Given information: Begin

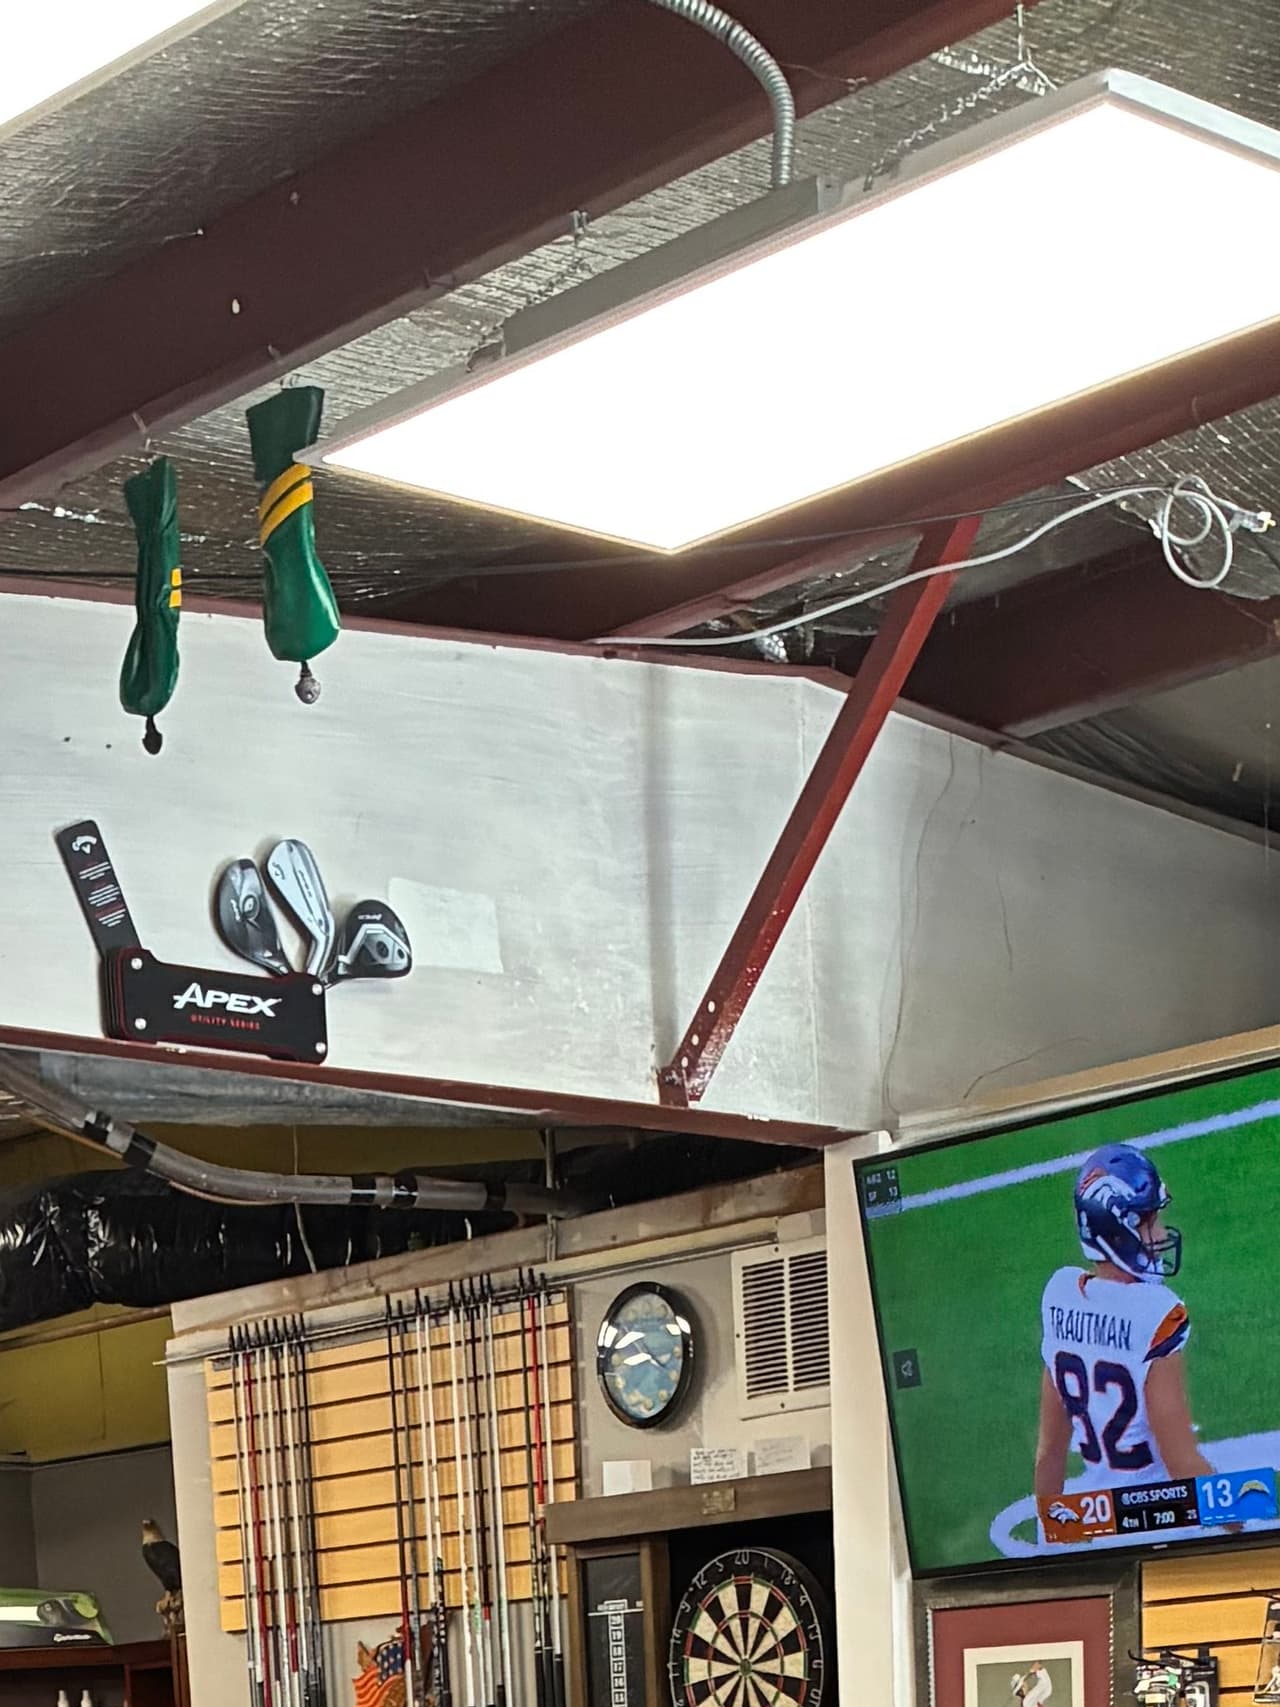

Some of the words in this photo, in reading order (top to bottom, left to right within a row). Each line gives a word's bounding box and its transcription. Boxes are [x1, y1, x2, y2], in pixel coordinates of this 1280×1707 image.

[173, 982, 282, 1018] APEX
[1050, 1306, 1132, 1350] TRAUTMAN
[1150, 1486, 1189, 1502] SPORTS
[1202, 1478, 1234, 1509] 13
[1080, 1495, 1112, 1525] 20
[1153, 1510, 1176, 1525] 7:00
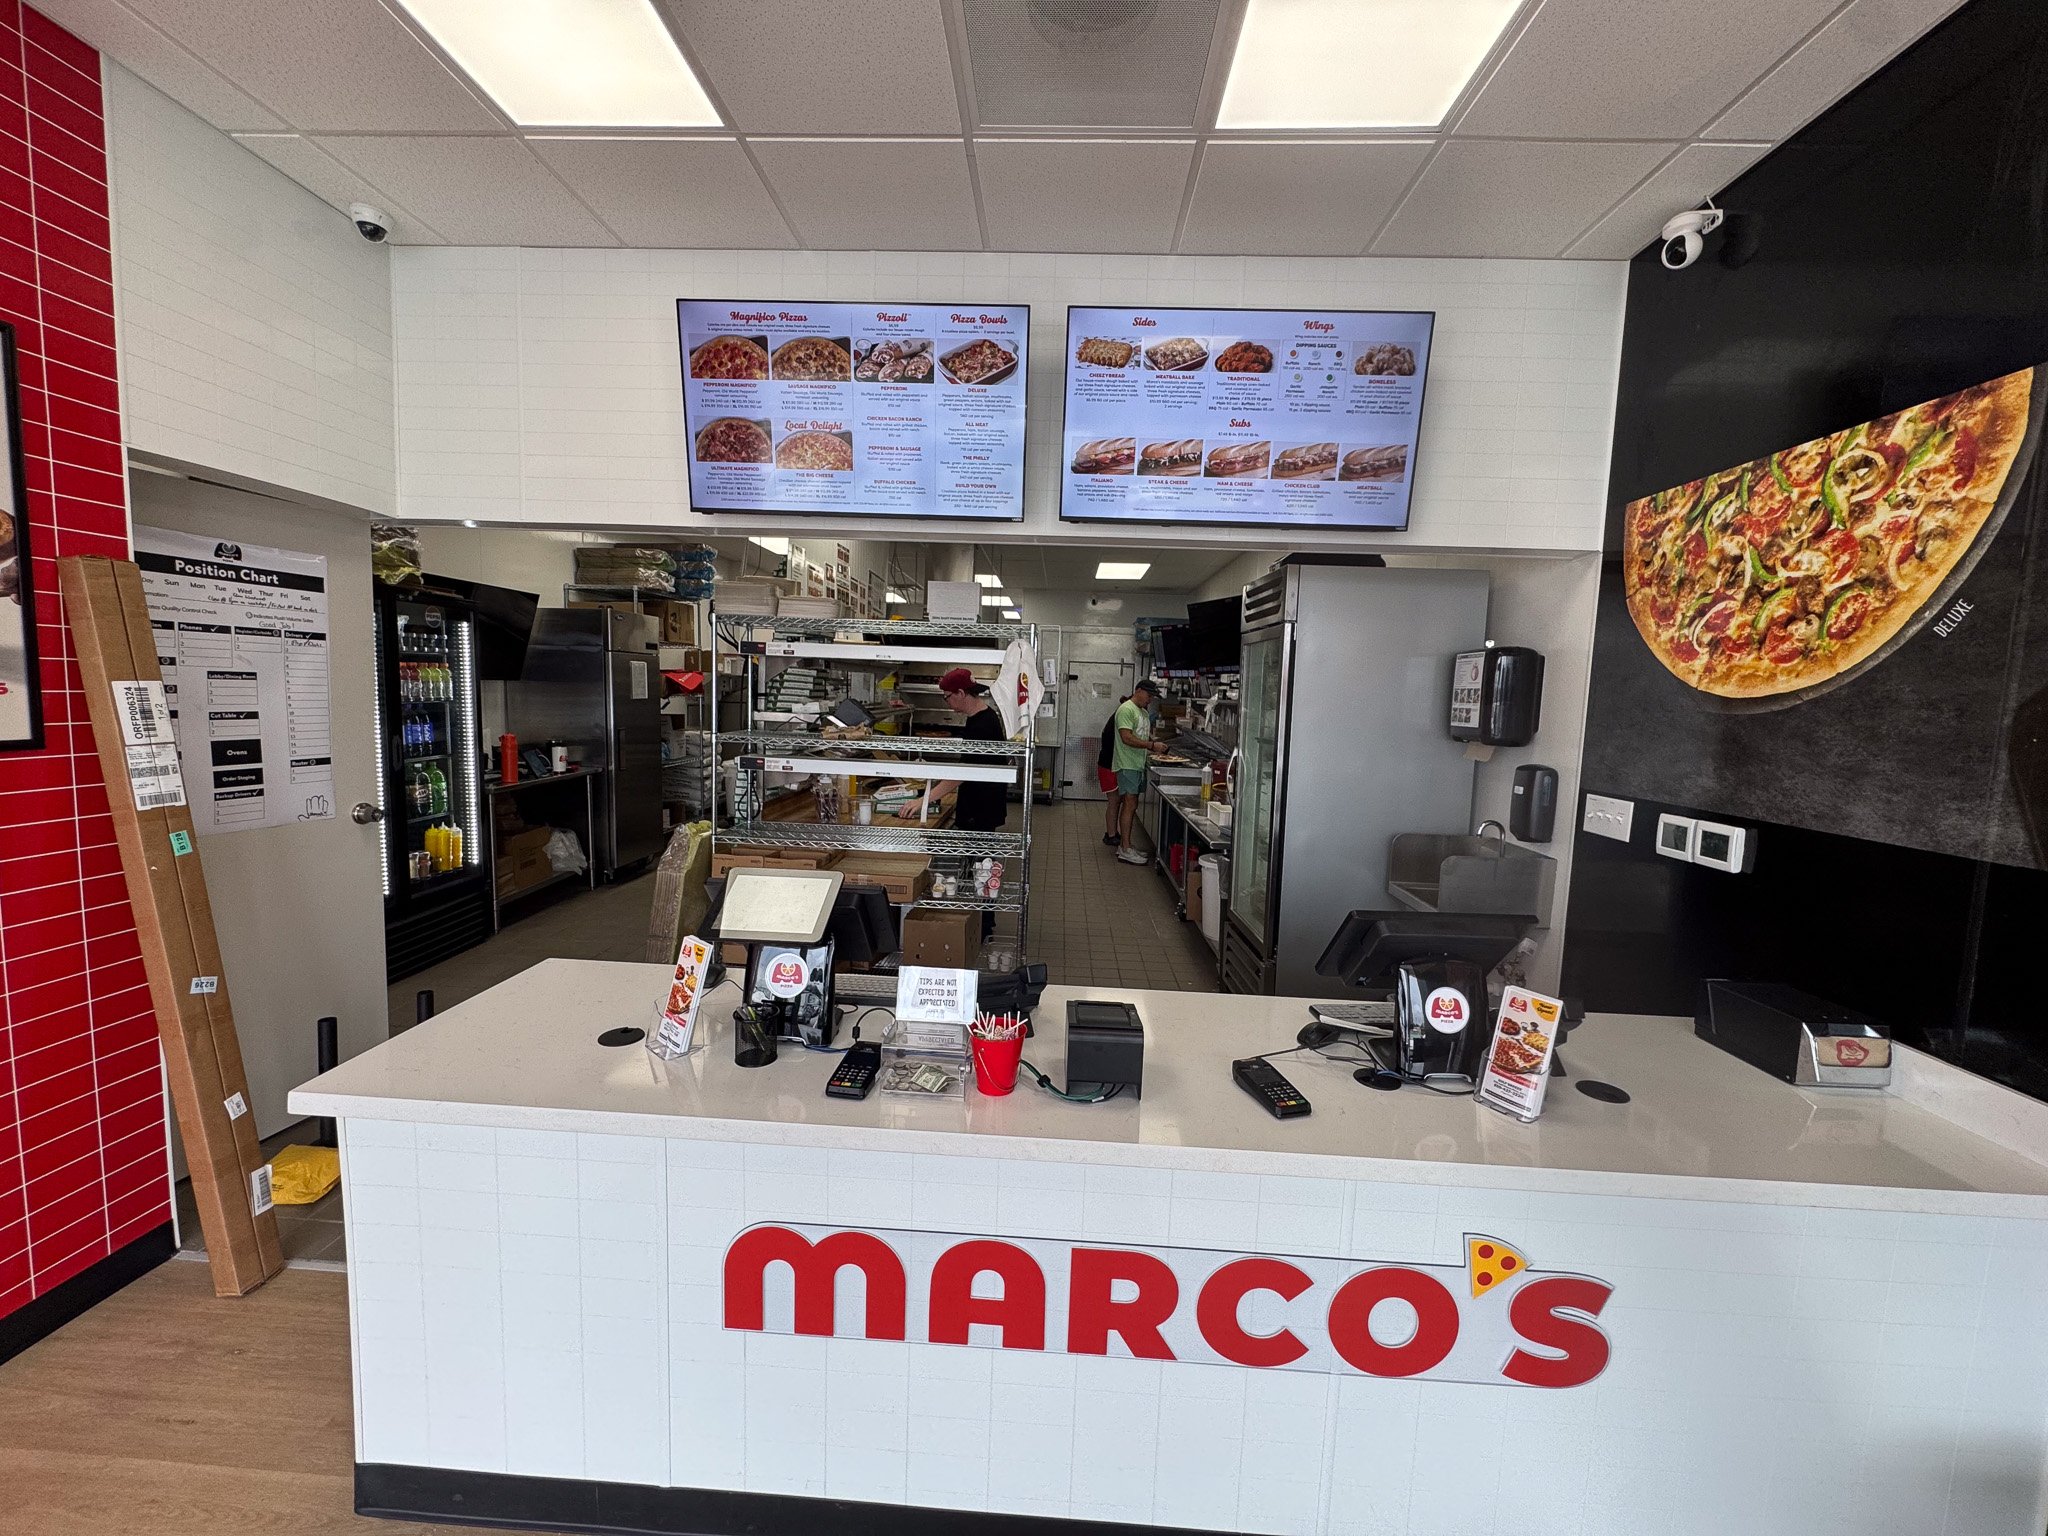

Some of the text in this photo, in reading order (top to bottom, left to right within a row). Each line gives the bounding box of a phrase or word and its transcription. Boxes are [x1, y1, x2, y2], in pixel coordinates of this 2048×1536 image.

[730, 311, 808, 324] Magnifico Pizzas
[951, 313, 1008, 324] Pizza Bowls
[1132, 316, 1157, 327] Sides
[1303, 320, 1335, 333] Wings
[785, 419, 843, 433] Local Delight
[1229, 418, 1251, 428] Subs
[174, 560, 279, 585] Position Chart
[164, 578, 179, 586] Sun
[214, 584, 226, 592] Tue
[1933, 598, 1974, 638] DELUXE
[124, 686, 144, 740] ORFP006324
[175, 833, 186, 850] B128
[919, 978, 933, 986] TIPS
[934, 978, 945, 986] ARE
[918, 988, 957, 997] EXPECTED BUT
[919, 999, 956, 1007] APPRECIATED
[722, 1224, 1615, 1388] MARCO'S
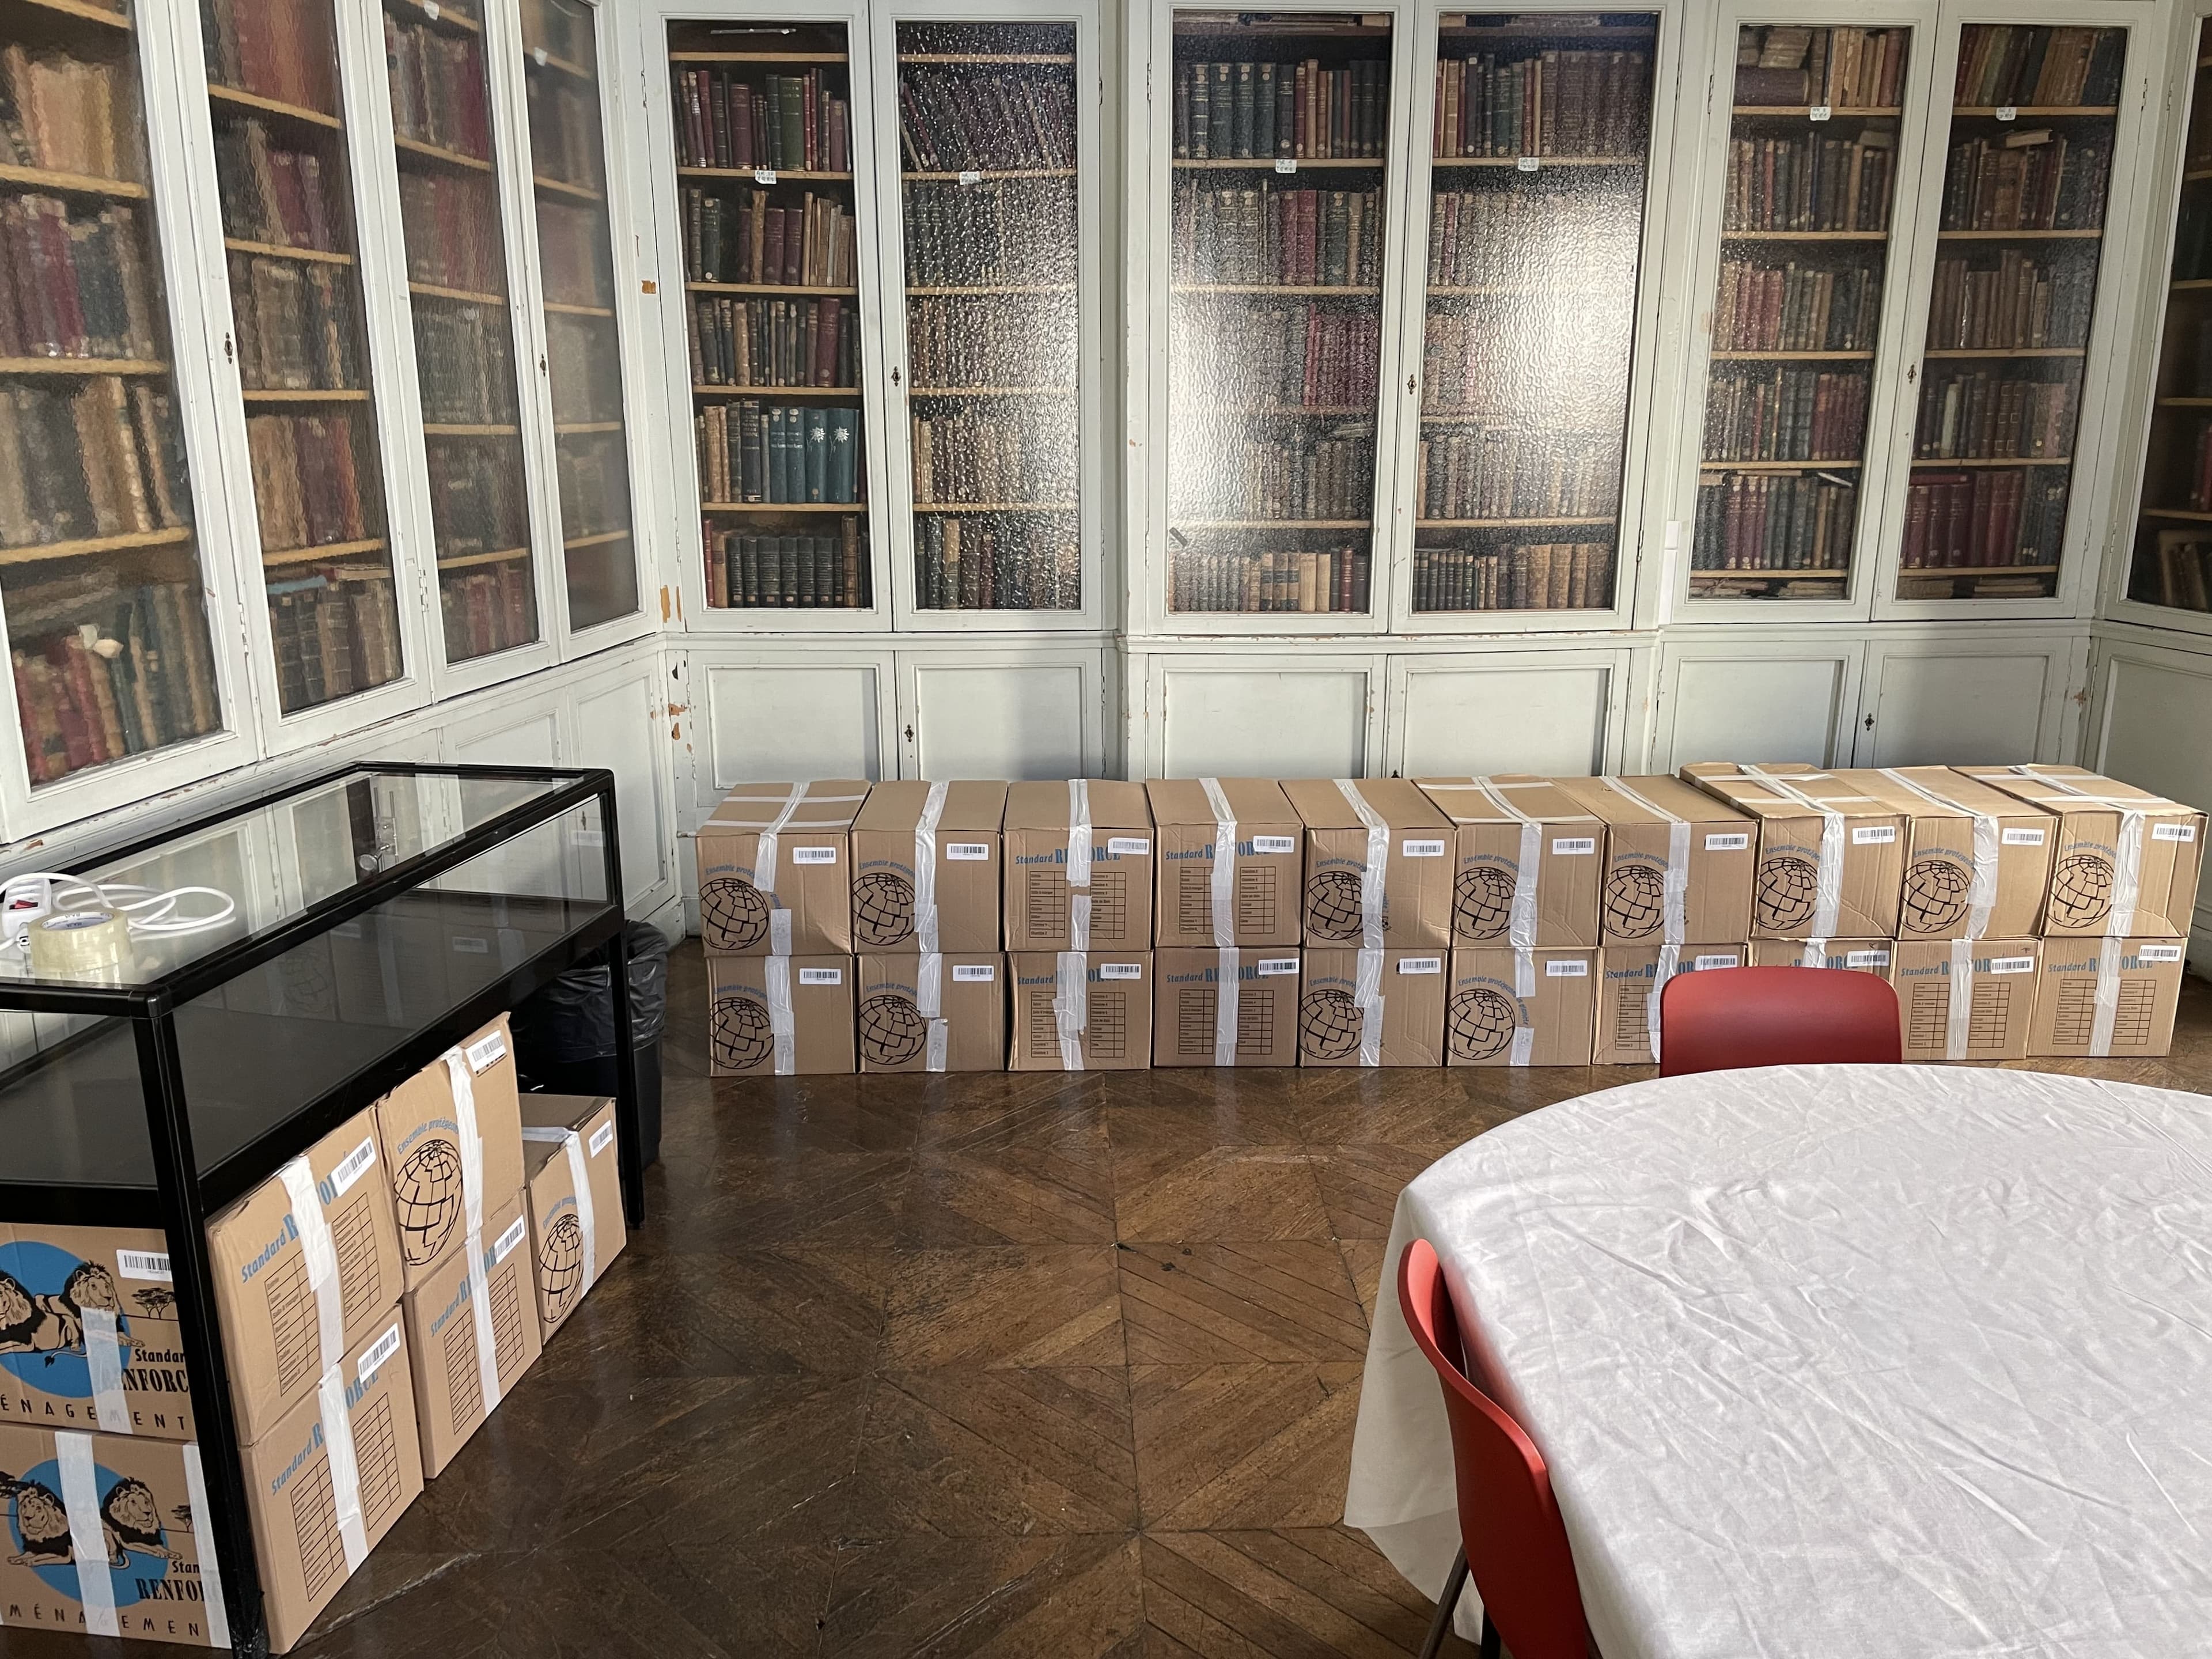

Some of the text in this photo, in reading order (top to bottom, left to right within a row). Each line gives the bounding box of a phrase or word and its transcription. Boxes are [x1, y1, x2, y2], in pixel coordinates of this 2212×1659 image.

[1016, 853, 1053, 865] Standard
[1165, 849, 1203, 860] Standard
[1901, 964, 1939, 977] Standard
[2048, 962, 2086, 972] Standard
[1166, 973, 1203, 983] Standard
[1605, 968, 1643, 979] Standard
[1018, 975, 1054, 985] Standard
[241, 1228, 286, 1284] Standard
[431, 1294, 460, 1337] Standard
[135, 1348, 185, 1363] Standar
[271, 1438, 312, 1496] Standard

Given information: End

> Brief: Please output the data above exactly as given, omitting every picture.

> Output of the exercise:
Some of the words in this photo, in reading order (top to bottom, left to right within a row). Each line gives a word's bounding box and its transcription. Boxes are [x1, y1, x2, y2], in pixel coordinates of this 1280×1707 image.

[173, 982, 282, 1018] APEX
[1050, 1306, 1132, 1350] TRAUTMAN
[1150, 1486, 1189, 1502] SPORTS
[1202, 1478, 1234, 1509] 13
[1080, 1495, 1112, 1525] 20
[1153, 1510, 1176, 1525] 7:00

Some of the text in this photo, in reading order (top to bottom, left to right within a row). Each line gives the bounding box of a phrase or word and its transcription. Boxes are [x1, y1, x2, y2], in pixel coordinates of this 2048×1536 image.

[730, 311, 808, 324] Magnifico Pizzas
[951, 313, 1008, 324] Pizza Bowls
[1132, 316, 1157, 327] Sides
[1303, 320, 1335, 333] Wings
[785, 419, 843, 433] Local Delight
[1229, 418, 1251, 428] Subs
[174, 560, 279, 585] Position Chart
[164, 578, 179, 586] Sun
[214, 584, 226, 592] Tue
[1933, 598, 1974, 638] DELUXE
[124, 686, 144, 740] ORFP006324
[175, 833, 186, 850] B128
[919, 978, 933, 986] TIPS
[934, 978, 945, 986] ARE
[918, 988, 957, 997] EXPECTED BUT
[919, 999, 956, 1007] APPRECIATED
[722, 1224, 1615, 1388] MARCO'S

Some of the text in this photo, in reading order (top to bottom, left to right within a row). Each line gives the bounding box of a phrase or word and its transcription. Boxes are [x1, y1, x2, y2], in pixel coordinates of this 2212×1659 image.

[1016, 853, 1053, 865] Standard
[1165, 849, 1203, 860] Standard
[1901, 964, 1939, 977] Standard
[2048, 962, 2086, 972] Standard
[1166, 973, 1203, 983] Standard
[1605, 968, 1643, 979] Standard
[1018, 975, 1054, 985] Standard
[241, 1228, 286, 1284] Standard
[431, 1294, 460, 1337] Standard
[135, 1348, 185, 1363] Standar
[271, 1438, 312, 1496] Standard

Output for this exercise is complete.